She seemed suddenly sad. “It's too wet for golf,” she said.

XIII

Be not hasty in thy spirit to be angry:

for anger resteth in the lap of fools
.

—
Ecclesiastes 7:9

A burst gasket in Sicamous caused me to arrive in Revelstoke at two-thirty in the morning. The kitchen light was left on but all was still. A sense of emptiness coupled with sadness sat like sludge in my heart. There was a note on the table.

SON

There's meat loaf in the fridge
.

Ed
.

Just as I put the note down both Mom and Dad staggered into the kitchen, matching blue polyester pajamas, shading their eyes from the light, staring at me as though I might be contagious. Both squinting, dad rubbed an eye.

“What the hell have you done?”

“I just arrived.”

“Three years.
Flush
.”

I reached into my jacket pocket and pulled out Lucy's crumpled check. “I have the two thousand dollars you sent me at the onset of summer,” I said, placing it on the table.

“One question, Shelby. Why?”

“Why what?”

“Why?”

“We had an agreement,” Mother said, jumping in. “We agreed to pay for your schooling. We have. You quit.”

“I have quit, yes, but from only a portion of the whole. To the remainder I remain committed to excellence. Surely, life does not end with the dropping out of school.”

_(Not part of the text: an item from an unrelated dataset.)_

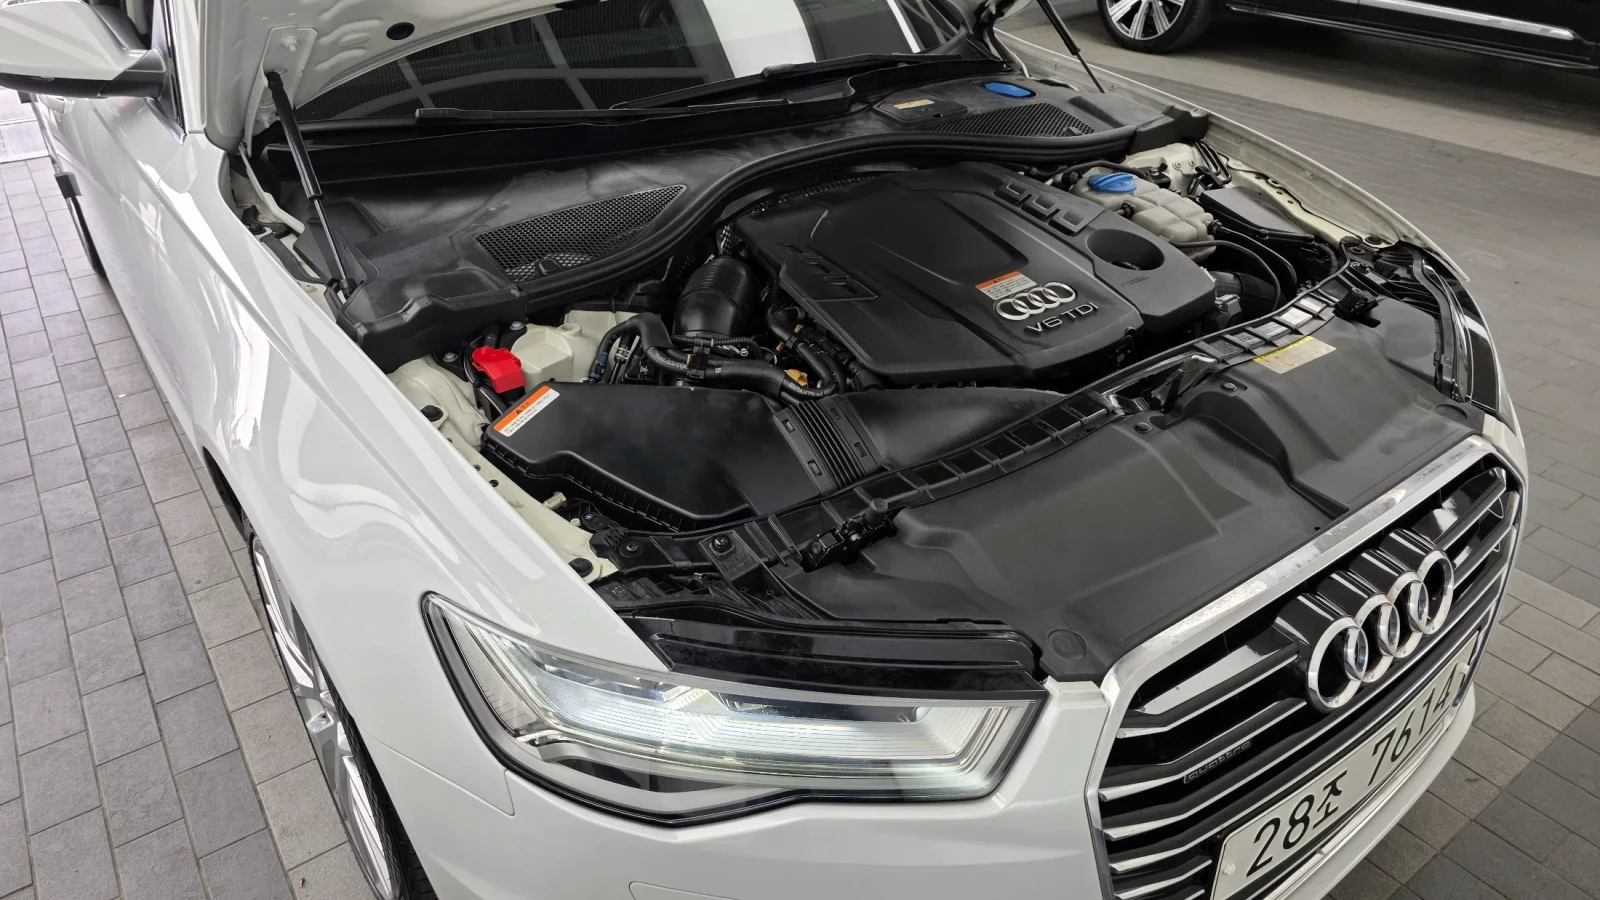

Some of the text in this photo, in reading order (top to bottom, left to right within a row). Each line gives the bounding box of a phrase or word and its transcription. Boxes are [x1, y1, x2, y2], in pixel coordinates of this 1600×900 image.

[1026, 302, 1099, 333] V6 TDI
[1185, 740, 1251, 783] quattro
[1246, 662, 1459, 878] 28조 7614
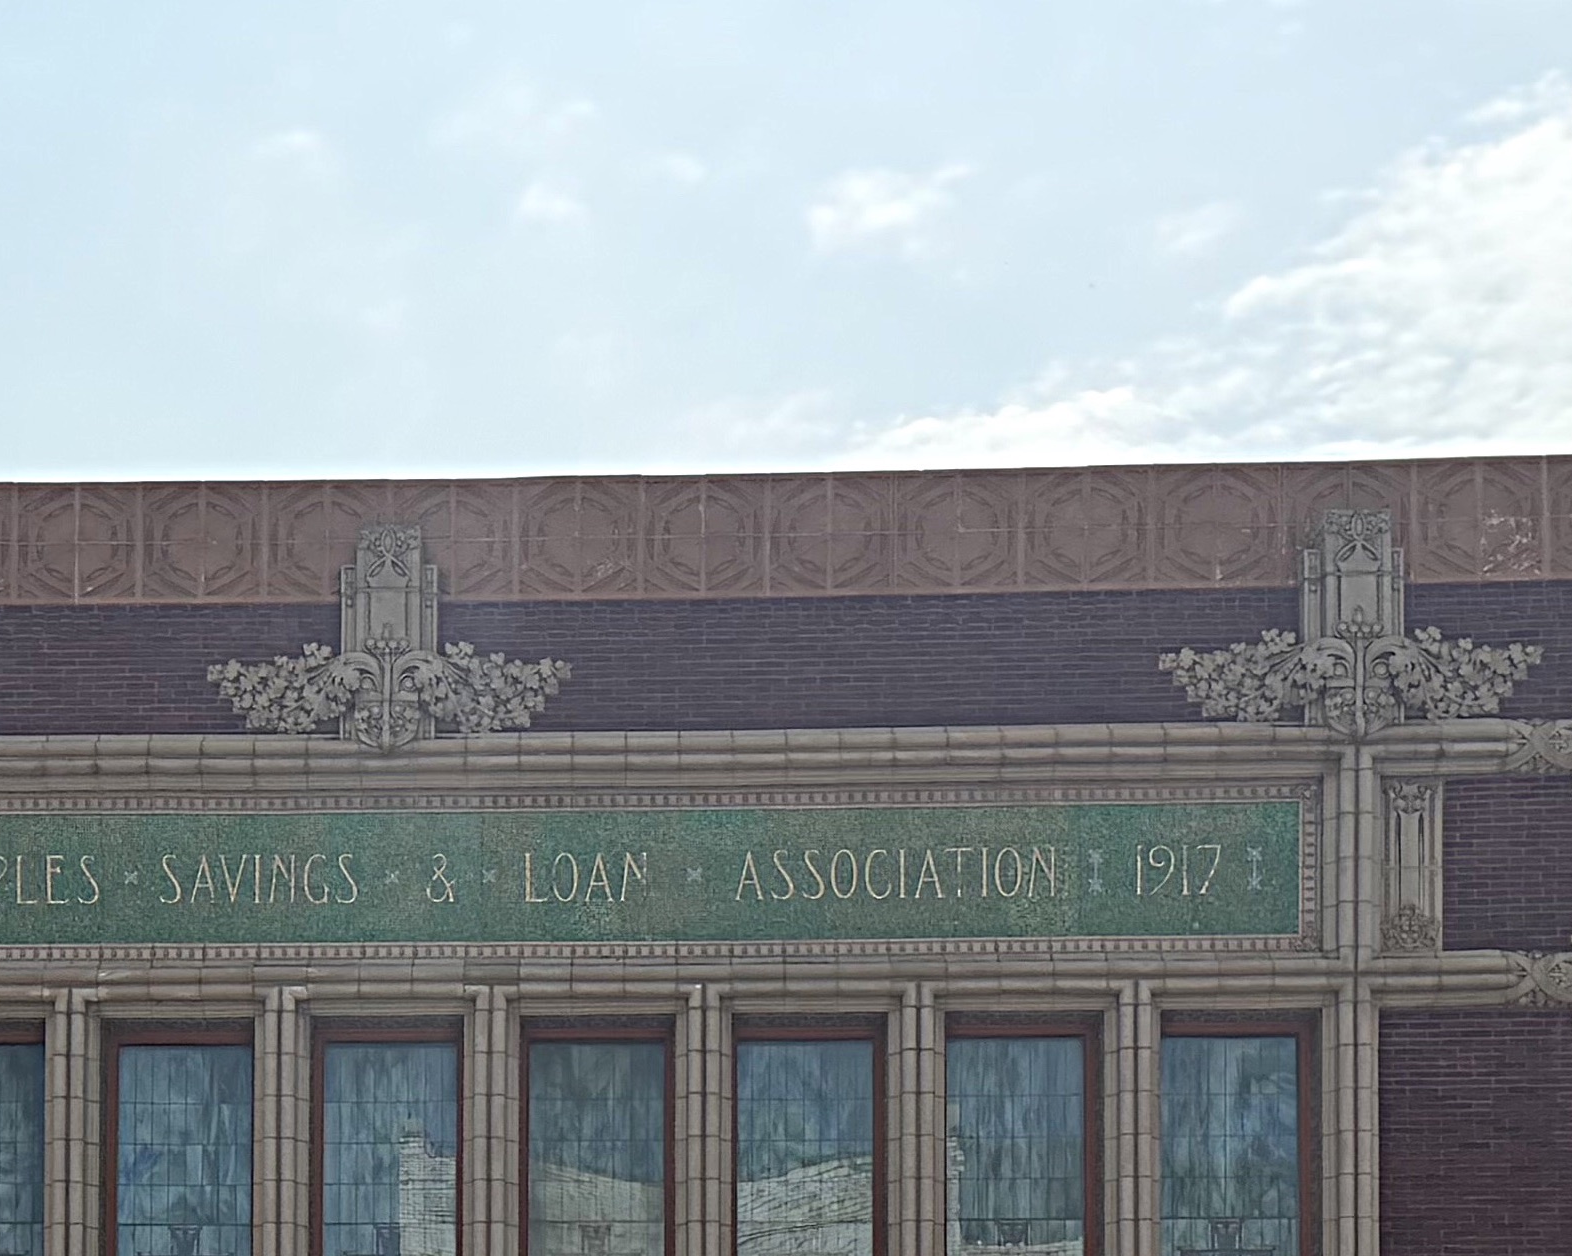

Dad walked by me gruffly and put on water for coffee.

I stretched. “I'm about ready for bed,” I said. “We'll have a good chat come the new day.”

Startling me, Dad grabbed the shoulder of my Gortex jacket and twisted me towards him.

“Don't get uppity with us, you yellow son of a bitch,” he said. “We are not the one's that don't
get it
. Don't slough off your mother with poetry. You've been a real bastard. Start explaining …”

And so, over the next two hours, as exhaustion set in and the general mood wobbled from bitter to frustrated to caustically sarcastic, I tried.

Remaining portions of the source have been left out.